Down to the last line, reproduce the data that follows, but skip the pictures.

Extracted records
= = = = =
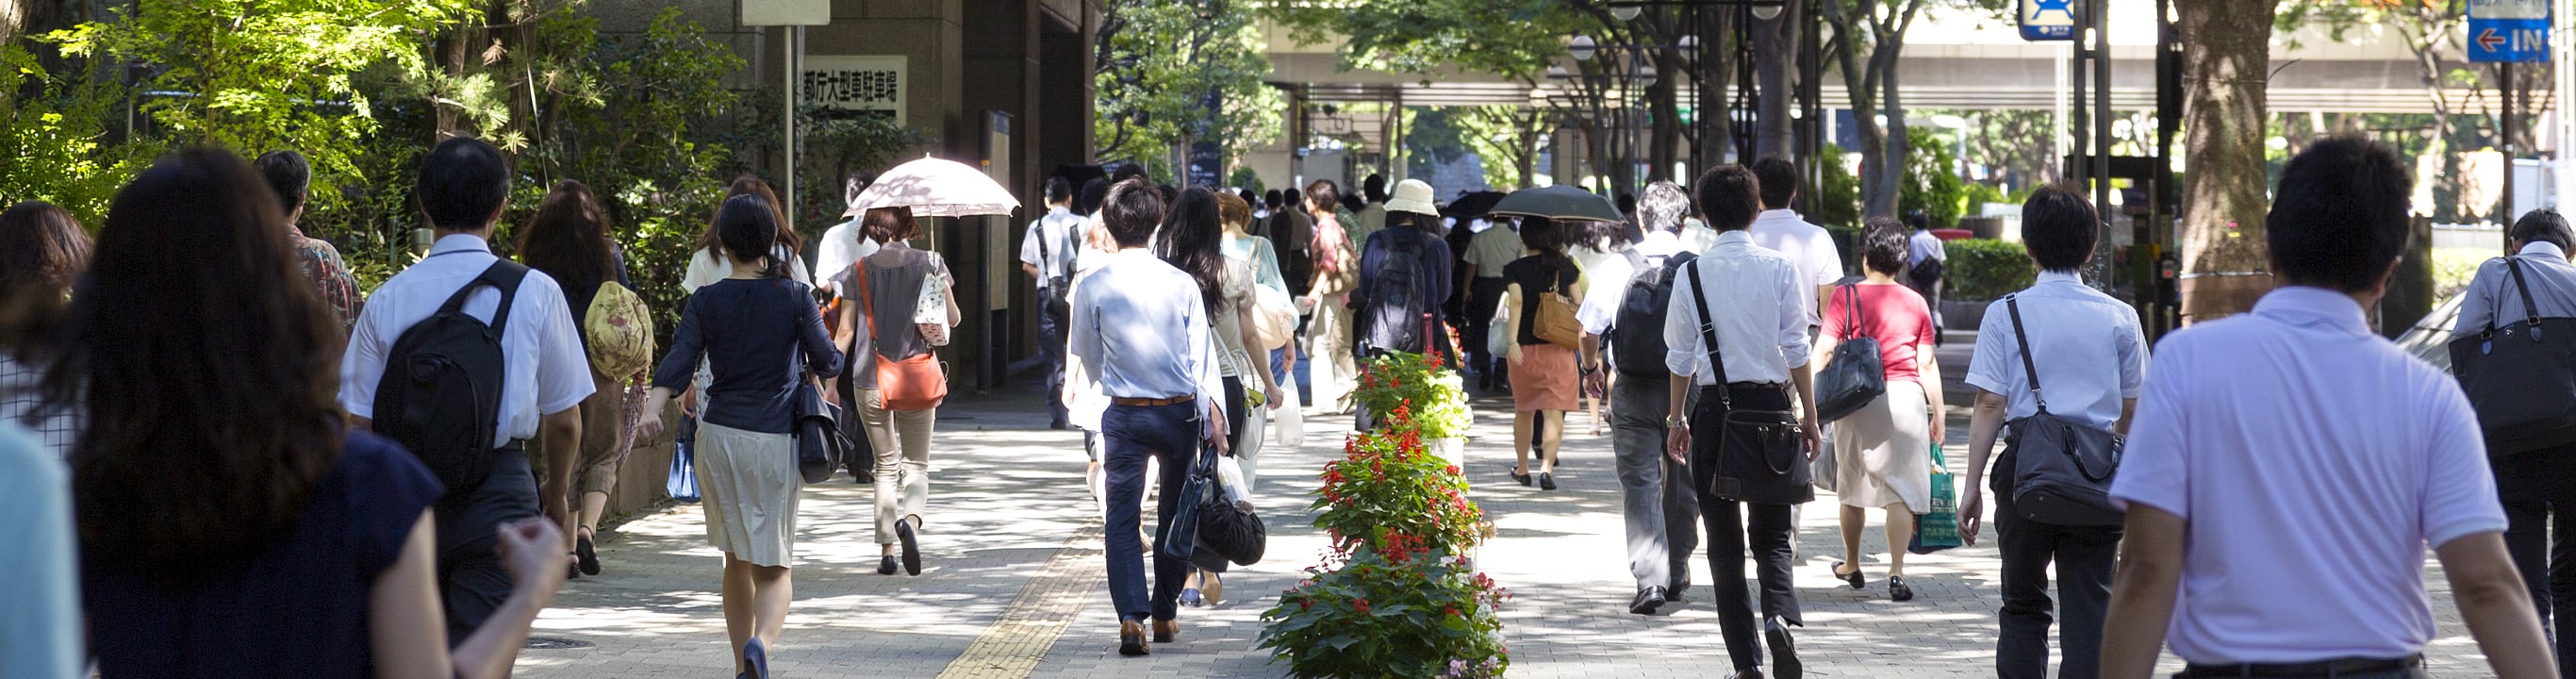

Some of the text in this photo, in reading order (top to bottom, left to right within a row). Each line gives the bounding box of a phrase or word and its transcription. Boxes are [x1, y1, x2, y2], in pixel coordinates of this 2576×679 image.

[2512, 28, 2542, 52] IN
[803, 70, 897, 103] 都庁大型車駐車場
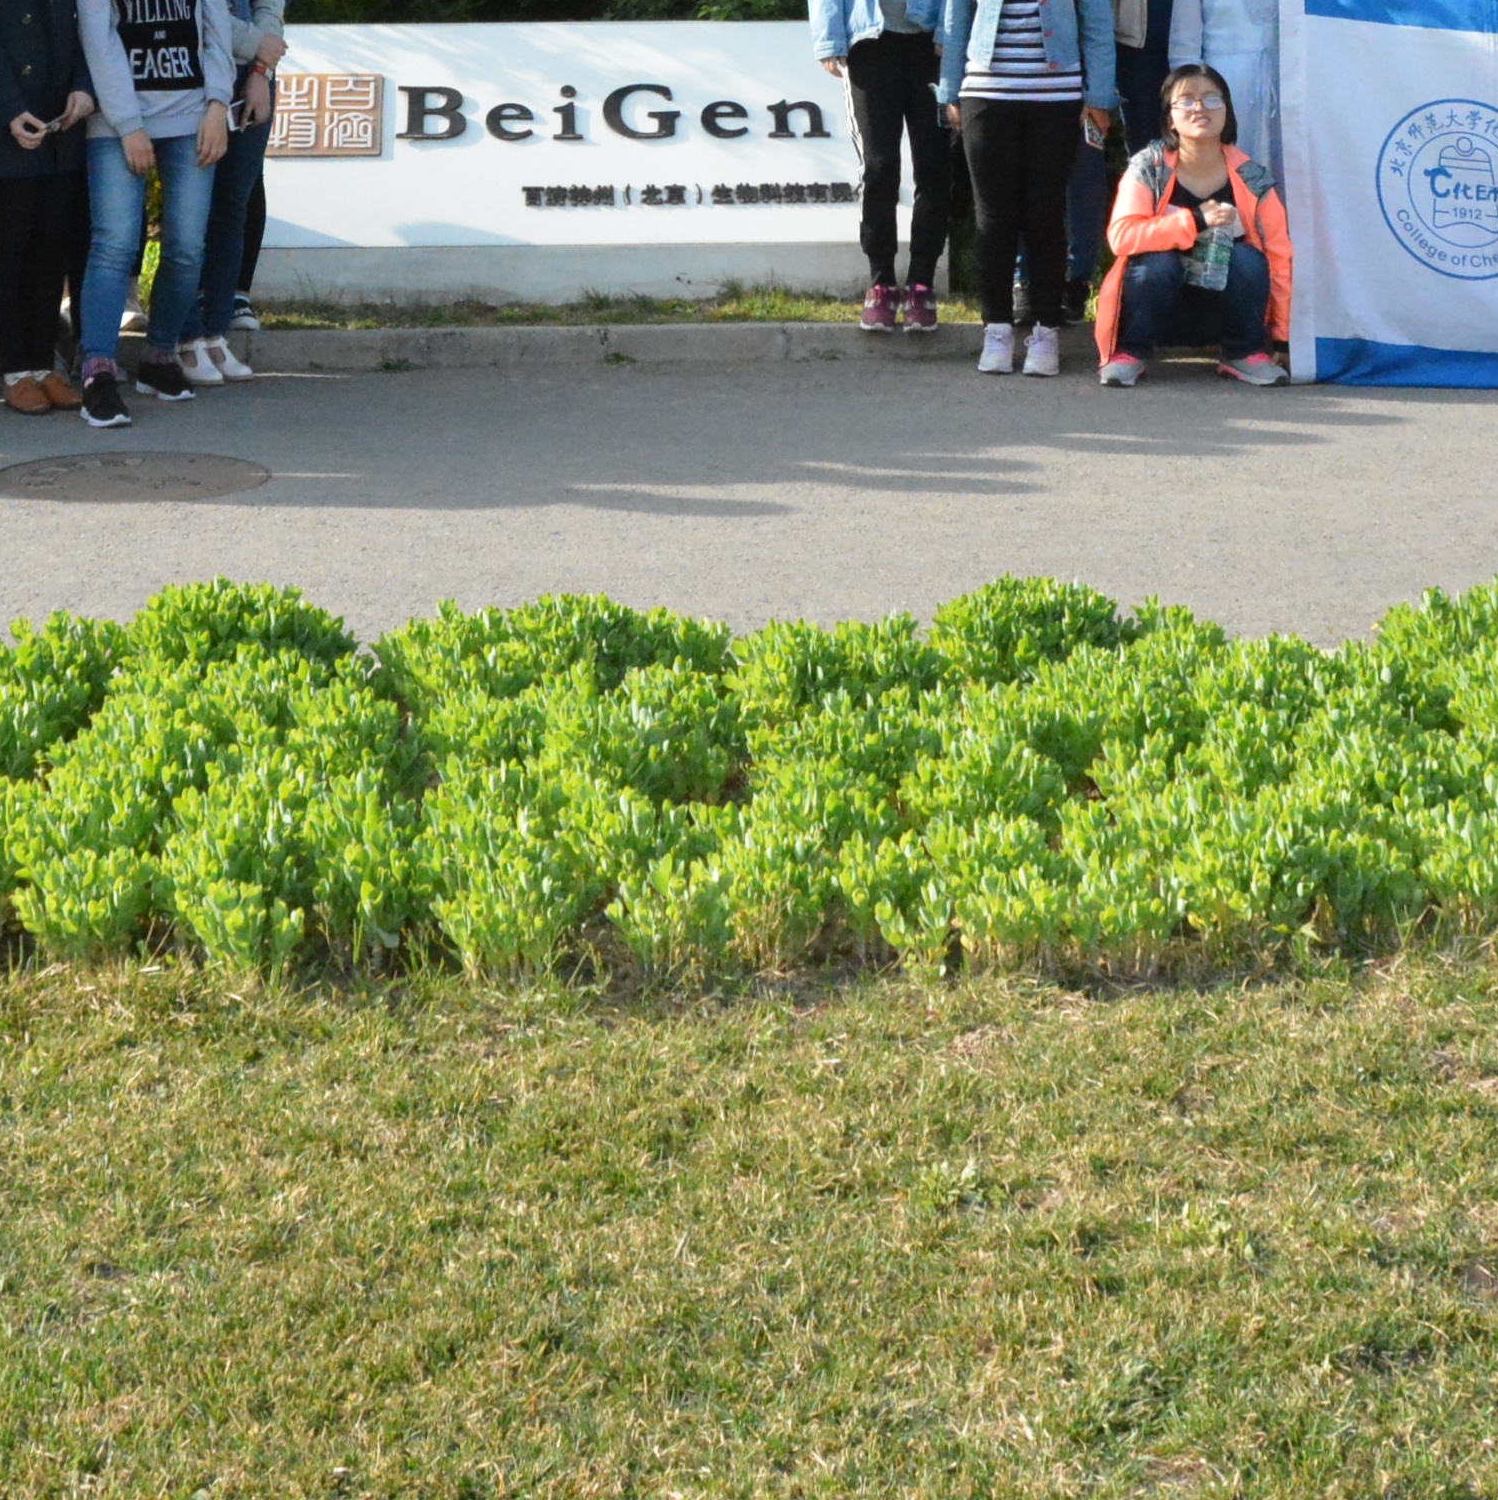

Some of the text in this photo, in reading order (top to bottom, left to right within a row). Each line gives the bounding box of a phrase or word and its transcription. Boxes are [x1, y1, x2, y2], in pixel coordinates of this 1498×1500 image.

[130, 47, 195, 79] EAGER
[1453, 207, 1482, 220] 1912
[1397, 209, 1448, 261] College
[1451, 255, 1467, 267] of
= = = = =
** RESPONSE TO THE TASK **
Some of the text in this photo, in reading order (top to bottom, left to right within a row). Each line gives the bounding box of a phrase or word and its transcription. Boxes are [x1, y1, x2, y2], in pixel coordinates of this 2576×679 image.

[2512, 28, 2542, 52] IN
[803, 70, 897, 103] 都庁大型車駐車場

Some of the text in this photo, in reading order (top to bottom, left to right within a row). Each line gives the bounding box of a phrase or word and its transcription. Boxes are [x1, y1, x2, y2], in pixel coordinates of this 1498×1500 image.

[130, 47, 195, 79] EAGER
[1453, 207, 1482, 220] 1912
[1397, 209, 1448, 261] College
[1451, 255, 1467, 267] of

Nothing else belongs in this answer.